Zheludev observed the fundamental optical effect of superoscillations of light that allows the focusing of light into sub-diffraction hotspots and mapped topological and structural properties of superoscillatory light. He developed a new super-resolution imaging paradigm based on the super-oscillation of light and topological optical metrology for macroscopic and nanoscopic objects with resolution reaching a fraction of the atomic diameter.

He is a pioneer of “metamaterials with optical properties on demand”. He pioneered reconfigurable nano-opto-mechanical nanostructured matter, controlled its optical properties with temperature, electric, magnetic, sound and optical signals, through nanomechanical actuation. He developed ground-breaking techniques for mapping movements in reconfigurable matter with atomic-scale resolution and reported observation of ballistic thermal motion in nanostructures. He coined the term “metadevice” where device functionality is achieved by the structuring of the material, pioneered hybrid metamaterials with superconductors, carbon nanotubes, graphene, chalcogenides, topological insulators, perovskites, and liquid mercury microfluidics. He developed controlling light with light in coherent quantum metadevices.

Zheludev was one of the first who recognised the potential of phase-change phenomena for nanophotonics, with nanoparticles and metamaterials and developed phase change reconfigurable photonic metadevices. He coined the term “active plasmonics”, and reported femtosecond switching of surface plasmons.

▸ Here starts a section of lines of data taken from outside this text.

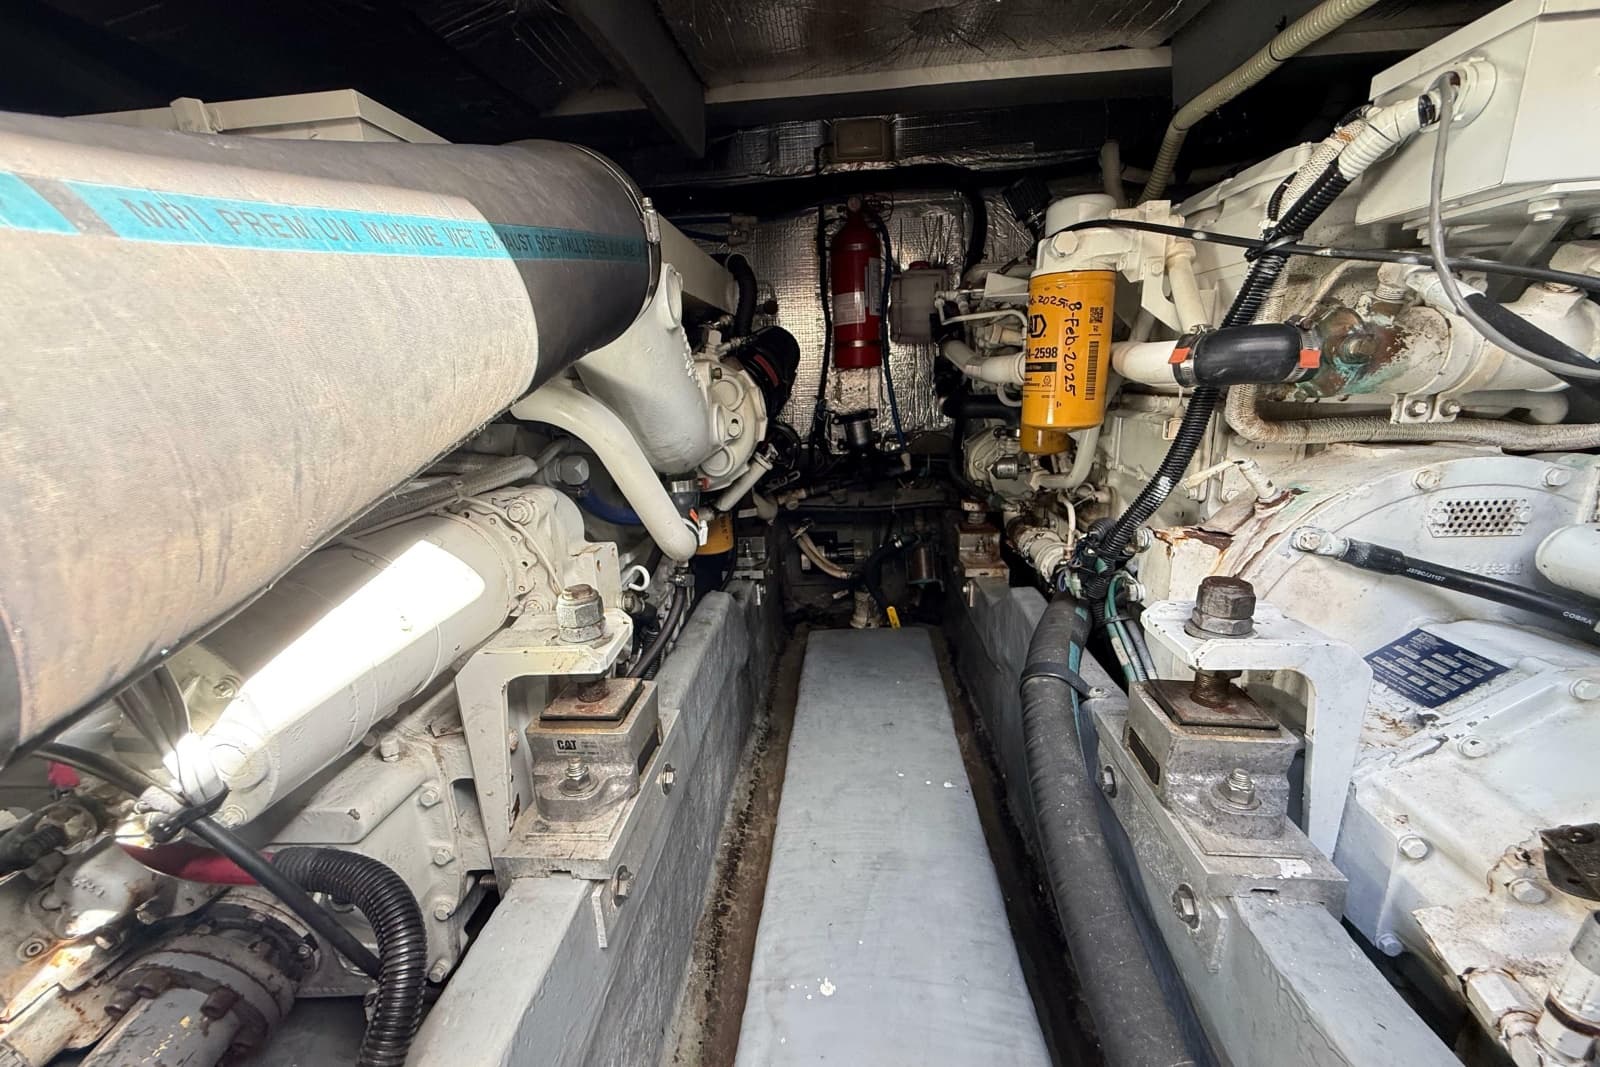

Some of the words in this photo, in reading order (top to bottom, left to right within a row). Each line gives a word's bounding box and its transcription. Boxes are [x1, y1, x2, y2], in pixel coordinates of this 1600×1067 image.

[119, 197, 214, 233] MPI
[360, 220, 444, 247] MARINE
[442, 225, 479, 249] WET
[1562, 611, 1592, 625] COBRA
[556, 739, 577, 750] CAT

He demonstrated the generation of plasmon-polaritons by free-electron impact and laid the foundations of the plasmonic-enabled metamaterial laser, “Lasing Spaser”. He developed a free-electron-driven nanophotonic holographic light source and free-electron driven “light well” and metamaterial light sources on a chip.

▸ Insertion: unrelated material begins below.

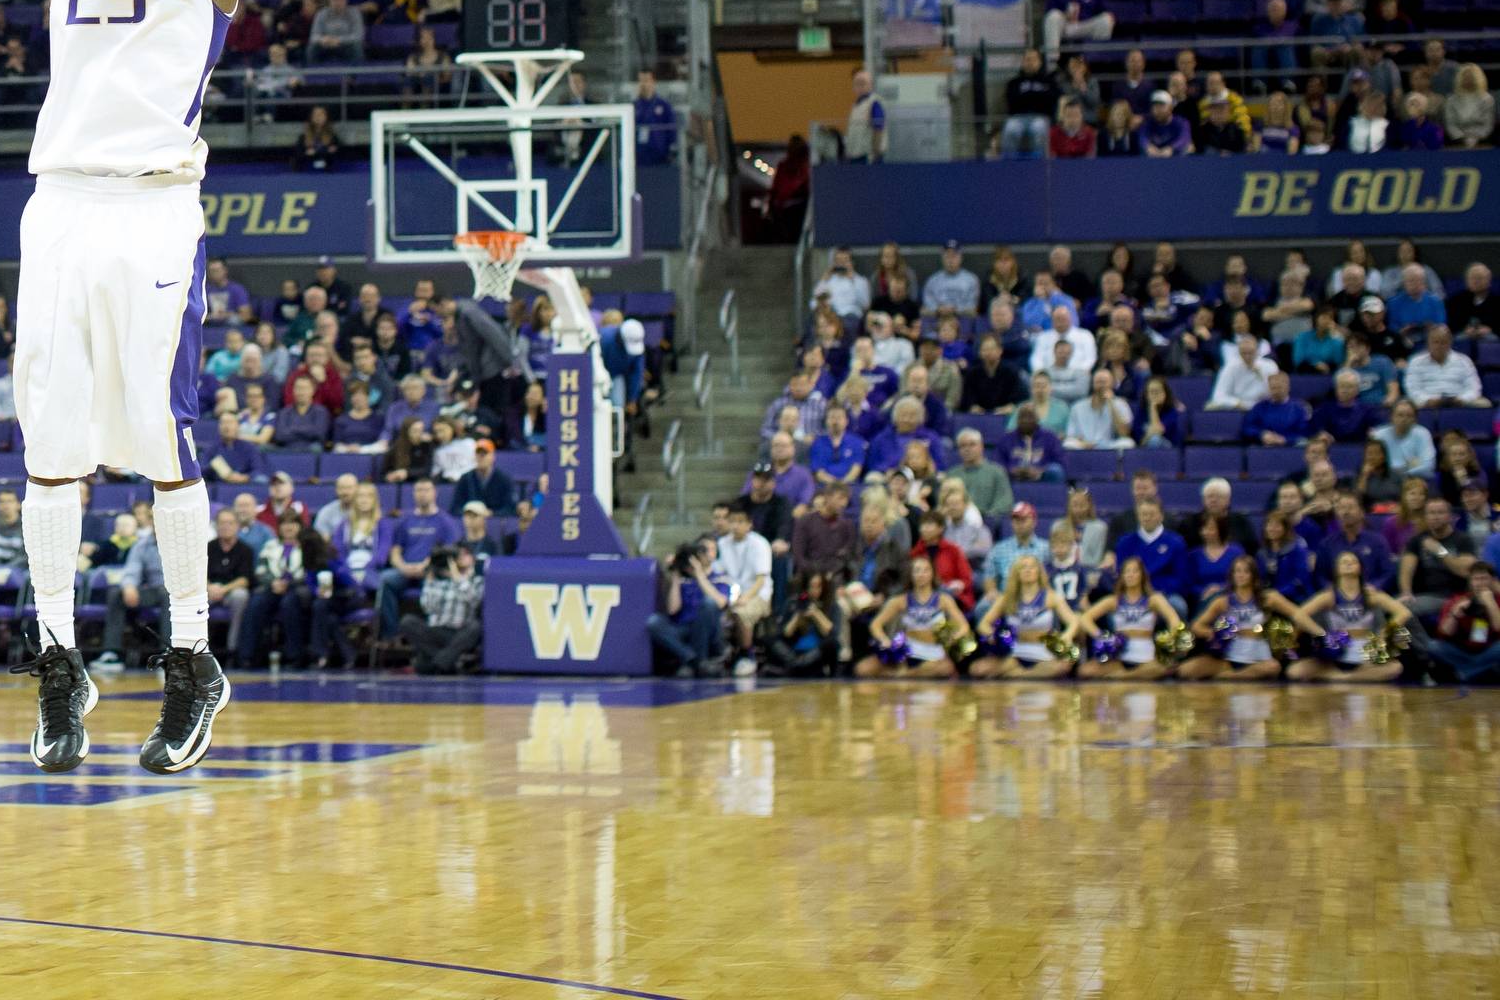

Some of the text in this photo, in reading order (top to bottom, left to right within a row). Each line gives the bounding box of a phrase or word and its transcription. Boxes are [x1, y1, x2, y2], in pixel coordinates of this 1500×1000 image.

[1235, 167, 1482, 217] BE GOLD
[559, 369, 580, 540] HUSKIES
[516, 583, 621, 661] W

He served as the editor-in-chief of the Journal of Optics from 2010 until 2020, and he is currently an Advisory Board Member for Nanophotonics and ACS Photonics.  In 2007, he established the European Physical Society international biennial meeting for nanophotonics and metamaterials, the NANOMETA conference.

===Awards and honours===
Zheludev was awarded the Thomas Young Medal and Prize in 2015 for “Global Leadership and Pioneering, Seminal Work in Optical Metamaterials and Nanophotonics”. In 2022, he was awarded the Michael Faraday Medal and Prize for ""For international leadership, discoveries and in-depth studies of new phenomena and functionalities in photonic nanostructures and nanostructured matter". In 2020, he was awarded the President's Science and Technology Award, the highest honours bestowed on research scientists in Singapore. Zheludev has also been awarded the Leverhulme Trust Senior Research Fellowship (2000); Senior Research Professorship of the EPSRC (2002); and The Royal Society Wolfson Research Merit Award & Fellowship (2009). He is a Fellow of the European Physical Society (EPS), The Optical Society (OSA), The Institute of Physics (IOP) and the American Physical Society (APS).

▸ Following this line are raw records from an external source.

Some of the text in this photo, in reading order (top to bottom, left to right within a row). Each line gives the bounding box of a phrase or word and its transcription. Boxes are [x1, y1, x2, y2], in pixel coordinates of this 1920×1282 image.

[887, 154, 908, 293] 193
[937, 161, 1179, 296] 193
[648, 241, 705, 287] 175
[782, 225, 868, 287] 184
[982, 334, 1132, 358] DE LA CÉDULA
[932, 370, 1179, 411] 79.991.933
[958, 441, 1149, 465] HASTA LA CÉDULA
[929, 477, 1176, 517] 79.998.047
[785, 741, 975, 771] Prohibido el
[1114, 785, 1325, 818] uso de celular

In 2018, he was elected as a Fellow of the Royal Society, a fellowship of many of the world's most eminent scientists and the oldest scientific academy in continuous existence. In 2019, he was elected as a foreign member of the United States of America National Academy of Engineering. In 2021, he became a laureate of the Asian Scientist 100 by the Asian Scientist.

==Personal life==
Nikolay was born in Moscow, Russia. His father physicist and crystallographer Prof. Ivan S. Zheludev worked at the Institute of Crystallography Russian Academy of Sciences, Moscow, Russia and combined his academic work with the post of the Deputy Director General of International Atomic Energy Agency, Austria, Vienna. His mother Dr. Galina Zheludeva was a faculty at Moscow State University. Nikolay's sister, Prof. Svetlana Zheludeva worked at the Russian Academy of Sciences and his brother Andrey is professor at ETH Zurich. Nikolay is married to linguist Tanya Nousinova, daughter of playwright Ilya Nousinov. They have two sons, Ilya and Ivan.